Match Day: 113 envelopes (and a marriage proposal)
March 24, 2013
The 2013 residency Match was the largest in NRMP history; U.S. medical school seniors made up 16,390 of the 25,463 applicants who successfully matched to first-year residency positions.
During the OHSU Match Day ceremony on March 15, eager and nervous medical students crowded into the CROET Atrium to learn where they would be spending the next three to seven years of their lives.
The much anticipated answer (an emotional whirlwind for many) came at 9 a.m., when students opened sealed white envelopes addressed with just their name. The contents revealed not only where they would train after medical school, but what medical specialty they would pursue.
Of the 120 graduating students, 113 will pursue clinical training.
“This is an exciting day for you and your family members’ lives as you take another step in the never ending journey of becoming a physician,” said Mark Richardson, M.D., MBA, dean, OHSU School of Medicine. “No matter where you go next year, your contribution to the changing landscape of health care can and will make a difference.”

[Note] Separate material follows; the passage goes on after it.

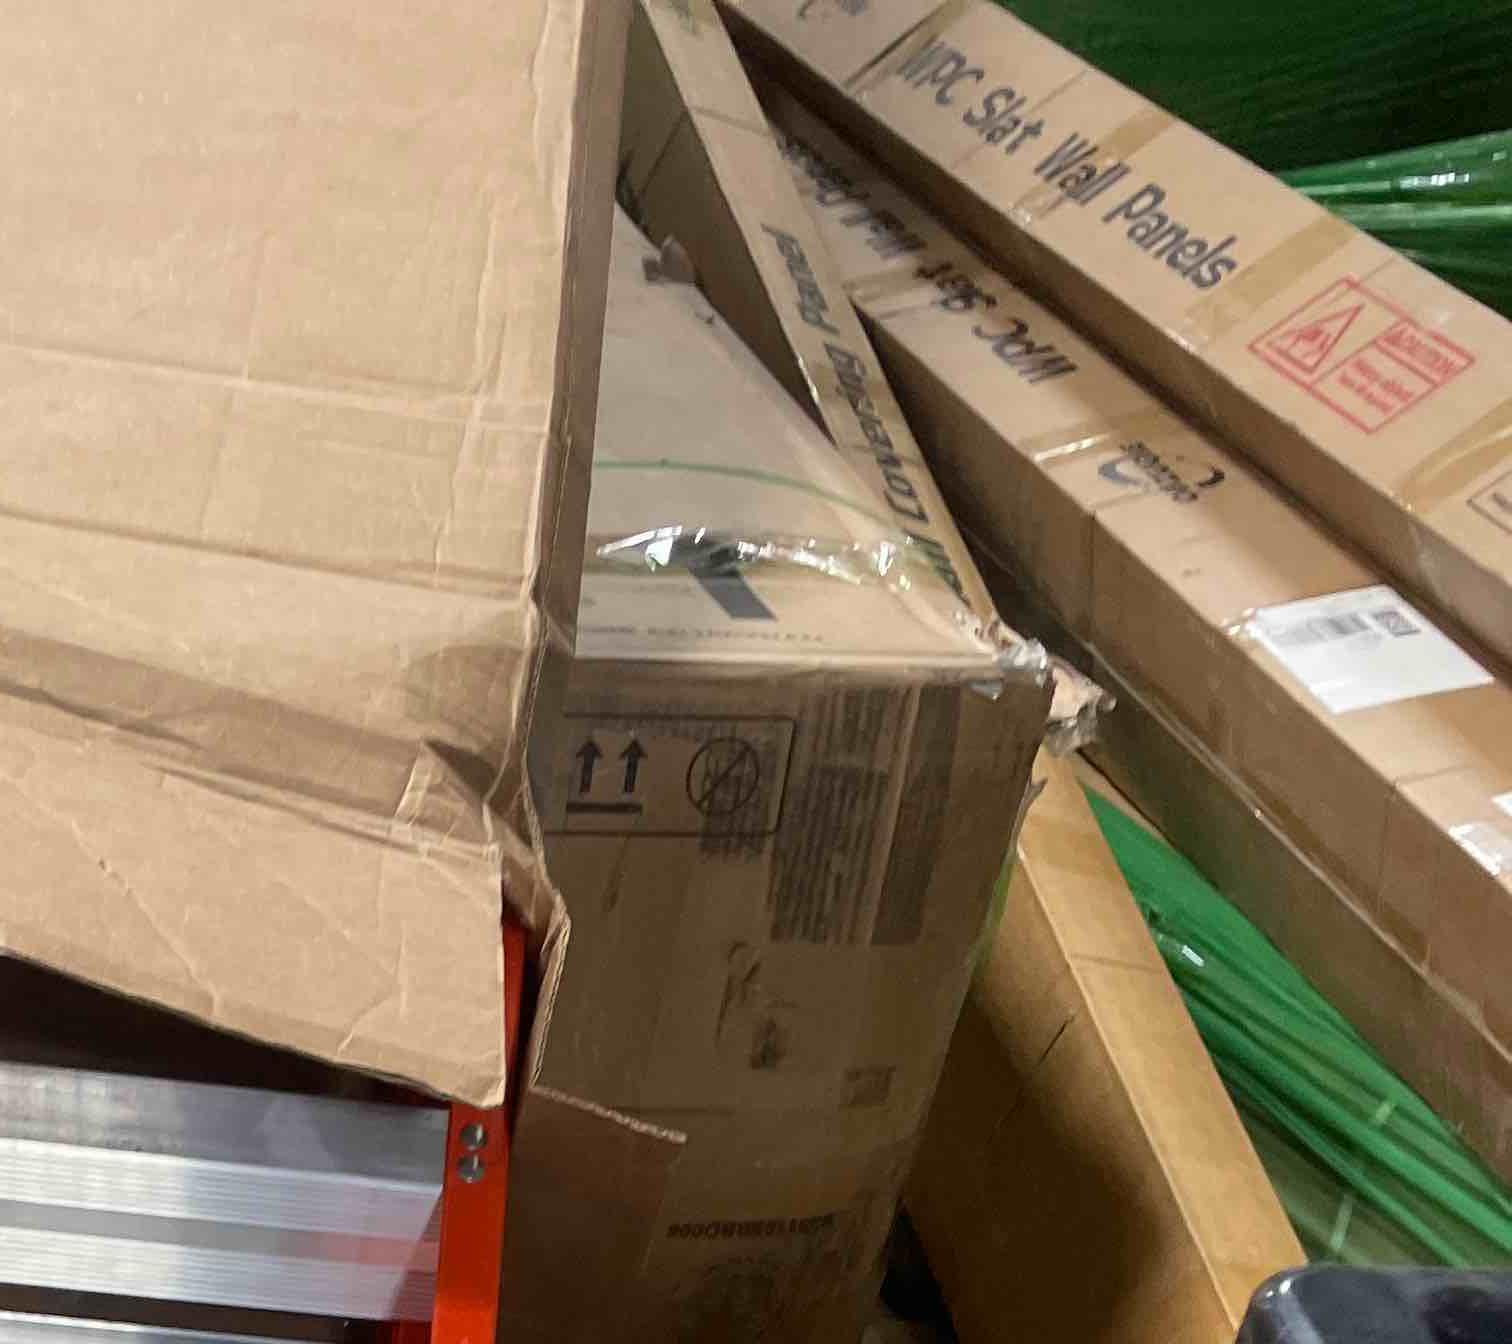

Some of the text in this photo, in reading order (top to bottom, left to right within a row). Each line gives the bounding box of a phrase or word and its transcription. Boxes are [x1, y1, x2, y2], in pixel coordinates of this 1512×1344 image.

Forty-seven of OHSU’s graduating medical students, or 42 percent, are entering residency in primary care, which includes internal medicine, family medicine and pediatrics. Matches to internal medicine increased two percent over last year, with 19 students matching. (While some of the students selecting internal medicine are likely to go on to sub-specialize, the overall starting number for primary care is significant.) Fourteen of OHSU’s students matched in emergency medicine programs, 11 in surgery, and six each in anesthesiology and radiology.
For some the journey will be short – at least physically. Eighteen students will remain at OHSU for their residency positions, and an additional six will stay in Oregon. Altogether, 80 students (70 percent of the class) matched to programs in the Western region, including Oregon. Fifteen will travel to the Northeast, 11 to the Central region and seven to the South.

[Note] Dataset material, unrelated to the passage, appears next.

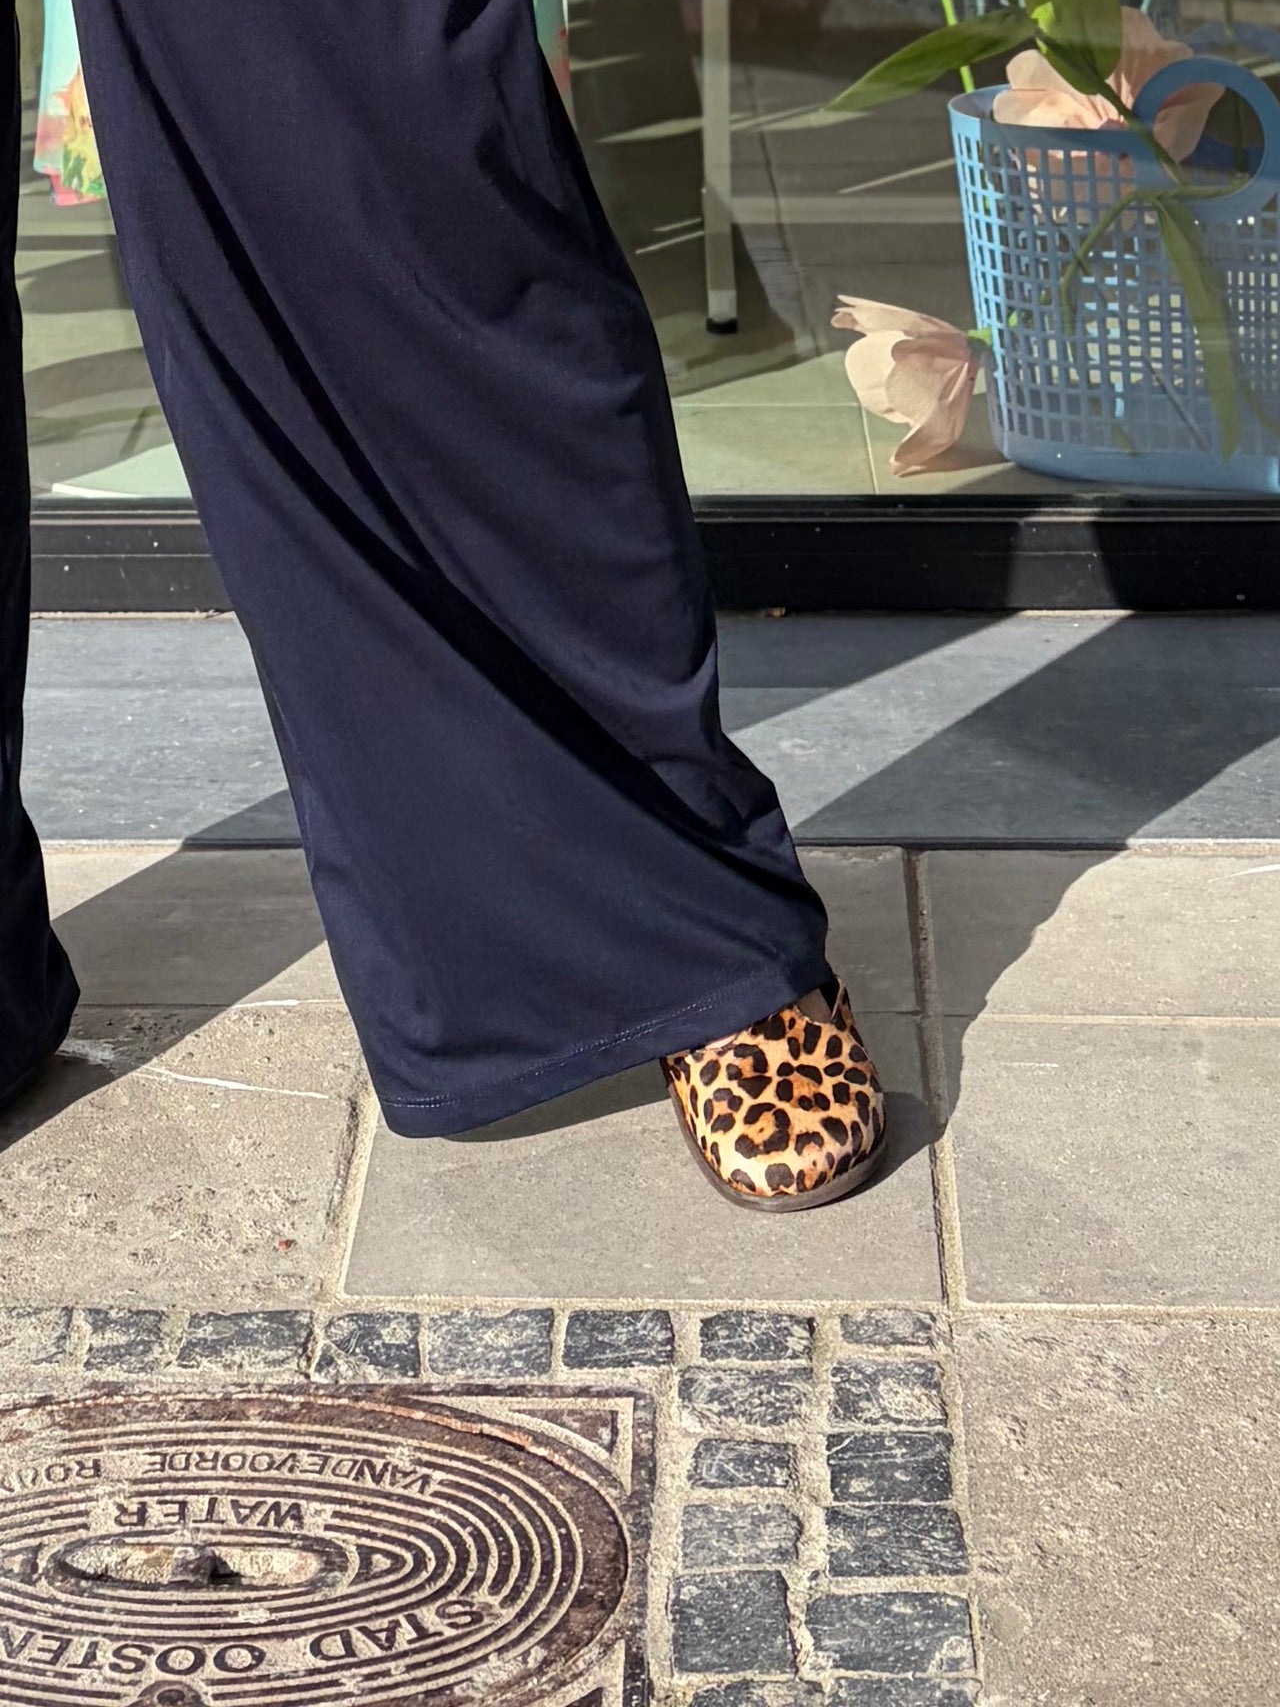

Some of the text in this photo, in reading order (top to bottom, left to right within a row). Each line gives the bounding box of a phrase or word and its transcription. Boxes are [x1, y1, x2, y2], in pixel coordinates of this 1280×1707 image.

[148, 1450, 436, 1495] VANDEVOORDE
[114, 1495, 305, 1528] WATER
[309, 1598, 486, 1662] STAD

“My four-year-old daughter convinced our family that we would ‘win’ Match Day if we all dressed up in matching outfits,” said Richard Bruno, MS4. “So, with our coordinated colors and a little bit of St Patrick’s Day luck, we matched to exactly where we wanted to be.” Bruno will train in the joint family medicine and preventive medicine program at Johns Hopkins and Franklin Square Medical Center, while attaining a master of public health from Johns Hopkins Bloomberg School of Public Health.

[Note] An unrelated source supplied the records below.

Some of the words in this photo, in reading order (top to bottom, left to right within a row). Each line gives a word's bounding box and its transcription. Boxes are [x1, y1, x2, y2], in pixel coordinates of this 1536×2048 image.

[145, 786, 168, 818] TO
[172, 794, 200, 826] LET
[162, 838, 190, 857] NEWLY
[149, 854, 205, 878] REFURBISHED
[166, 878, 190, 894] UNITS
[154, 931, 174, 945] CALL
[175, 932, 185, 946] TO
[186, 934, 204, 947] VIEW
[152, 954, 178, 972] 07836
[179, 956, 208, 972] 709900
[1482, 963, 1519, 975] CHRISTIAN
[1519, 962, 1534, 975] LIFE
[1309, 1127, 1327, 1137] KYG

The day marked a double dose of excitement for Stacy Sprando, MS4. She not only learned she’d be conducting her emergency medicine residency training at OHSU, but her boyfriend proposed to her during the Match Day ceremony before she had even opened her envelope.
“Match day was an incredible whirlwind, a memory that I will take with me for the rest of my life,” said Sprando. “I could not have dreamed up a more wonderful proposal than Dave asking me to spend the rest of our lives together no matter what was inside that envelope. Opening it to find out I would be part of OHSU Emergency Medicine is a true blessing.”
Based on national data collected by the American Association of Medical Colleges, about 50 percent of the graduating class will eventually practice in Oregon. Currently, one-third of all practicing Oregon physicians received all or part of their training at OHSU.